Ostensibly a one-man band, Bleachers is also a group effort that revolves around Mr. Antonoff’s reputation as a collaborator without boundaries. “Gone Now” is packed with guests both predictable and not, with background vocals from Lorde, Ms. Jepsen and Ms. Dunham and additional production by Greg Kurstin (Adele), Sounwave (Kendrick Lamar), Nineteen85 (Drake) and Organized Noize (Outkast).

Jack Antonoff with his girlfriend, the writer, director and actress Lena Dunham. Credit Jamie McCarthy/Getty Images

Jack Antonoff with his girlfriend, the writer, director and actress Lena Dunham. Credit Jamie McCarthy/Getty Images

It’s a combination of plain ambition and a commitment to a bespoke quality that links Mr. Antonoff’s work for himself and others.

“He wanted to be the biggest and the coolest,” Tyler Childs, Mr. Antonoff’s manager, recalled of the period after “We Are Young,” when pop doors were just starting to open. Mr. Childs credits Mr. Antonoff with “moving the radio toward him,” with songs that have a personal touch — and pretty much never a carefree attitude — but do not sacrifice any bigness in sound.

Mr. Antonoff knows he is “straddling a lot of fences,” merging an indie ethos and megastar associations. But “the whole goal is impact,” he said. “I love connected culture. You can say forget it,” he continued, using stronger language, “and go into your corner of the sandbox, or you can try to make a difference” on a wide scale.

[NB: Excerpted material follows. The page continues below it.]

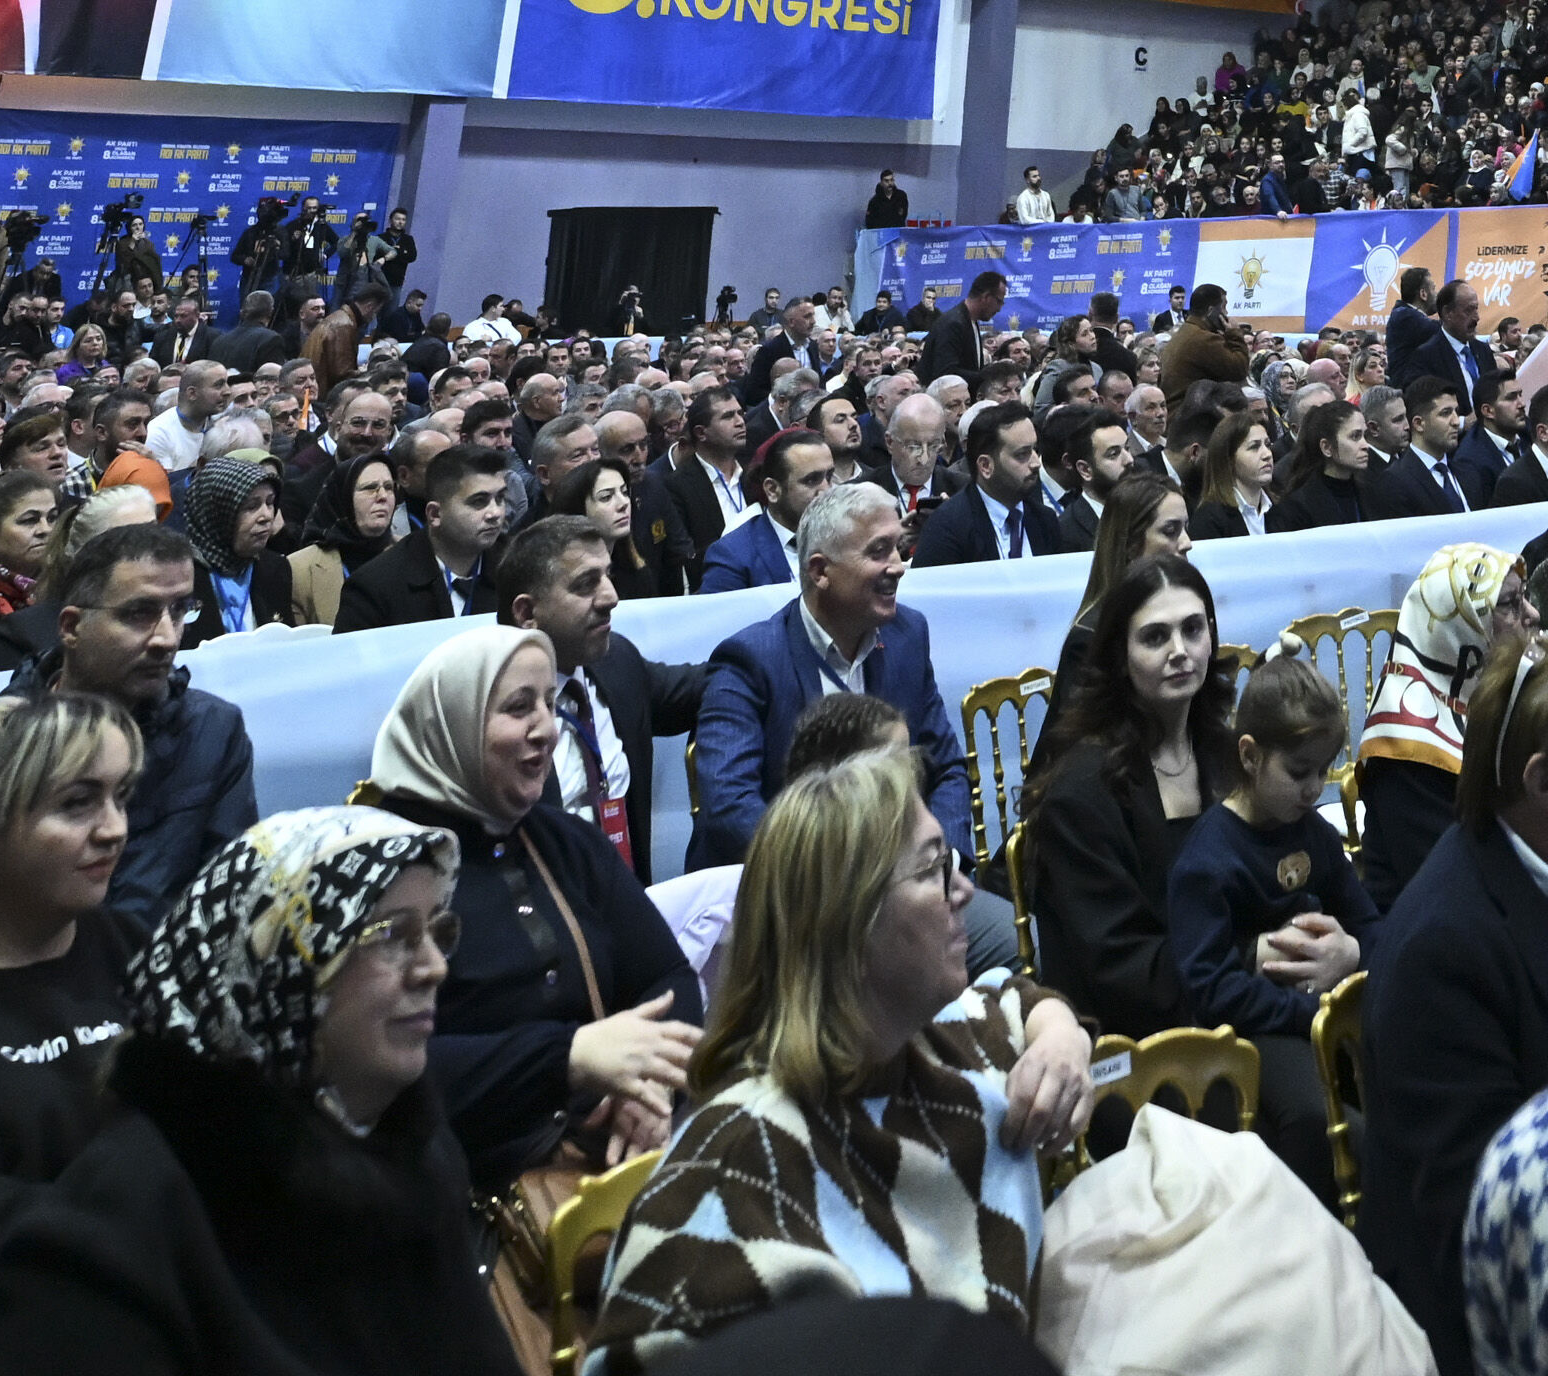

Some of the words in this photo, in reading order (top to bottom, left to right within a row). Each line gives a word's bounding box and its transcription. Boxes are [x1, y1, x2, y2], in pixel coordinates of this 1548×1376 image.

[1134, 47, 1148, 66] C
[1464, 259, 1537, 283] SÖZÜMÜZ
[1483, 282, 1512, 307] VAR

He is also fixated on using his resources in honorable, inventive ways. For “Gone Now,” that meant executing his most quixotic idea to date: removing his teenage bedroom — where he lived until he was 27 — from his parents’ home, replicating it exactly in a trailer and taking it on tour. It’s part art installation, part interactive listening parlor, Mr. Antonoff explained, so fans can hear the album “where it was most inspired in the first place.”

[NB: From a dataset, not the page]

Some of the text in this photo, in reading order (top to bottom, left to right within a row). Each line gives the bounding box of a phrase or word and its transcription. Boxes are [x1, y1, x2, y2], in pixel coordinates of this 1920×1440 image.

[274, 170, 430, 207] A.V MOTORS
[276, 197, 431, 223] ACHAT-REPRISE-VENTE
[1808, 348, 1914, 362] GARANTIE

“They can be there, touch things, feel the work where my heart and soul is,” he said, happily admitting that the project has been “financially crippling.”

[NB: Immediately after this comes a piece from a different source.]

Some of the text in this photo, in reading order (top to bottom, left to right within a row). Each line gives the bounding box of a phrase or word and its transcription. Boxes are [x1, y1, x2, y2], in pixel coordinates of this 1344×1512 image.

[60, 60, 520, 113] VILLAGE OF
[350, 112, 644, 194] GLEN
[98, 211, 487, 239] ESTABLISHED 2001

Earlier this month, on a trip to check the progress for the first time, Mr. Antonoff was giddy as he approached the disembodied room, which from the outside resembled a Monopoly hotel.

Jack Antonoff’s teenage bedroom was replicated in a trailer to take on tour. Credit Tawni Bannister for The New York Times

Jack Antonoff’s teenage bedroom was replicated in a trailer to take on tour. Credit Tawni Bannister for The New York Times

A crew of up to seven people from the company All Valley Yacht Club had been working every day for about two weeks on the transfer, taking almost everything from the cluttered inside space, including wall-to-wall stickers, cutouts, clothes, CDs, the carpet and other ephemera, and placing it back where it belonged in the mobile version. Even handwritten friends’ names and phone numbers were retraced on the wall using carbon paper.

“I cannot believe how perfect it is,” Mr. Antonoff said, digging through his own drawers. “It looks exactly how I left it.” And though the room would be staying with him for a while, Mr. Antonoff grew pensive as he considered what would ultimately be a life purge.

“I need to move on,” he said, contemplating all he had experienced in that space.

Stopping for bagels on the drive back to Brooklyn, Mr. Antonoff was resituated in the present when a car drove by blasting Lorde’s “Green Light.” To hear his work in public has not stopped being exhilarating, he said, as it provides palpable evidence of the kinship he is always seeking through art.

“I could ask anyone here and find a way that they know me,” he had said earlier. “They’ve heard the music. It makes me feel like the world is smaller, like I know people.

“I’m a part of your life,” he added. “You might not know it, but I am.”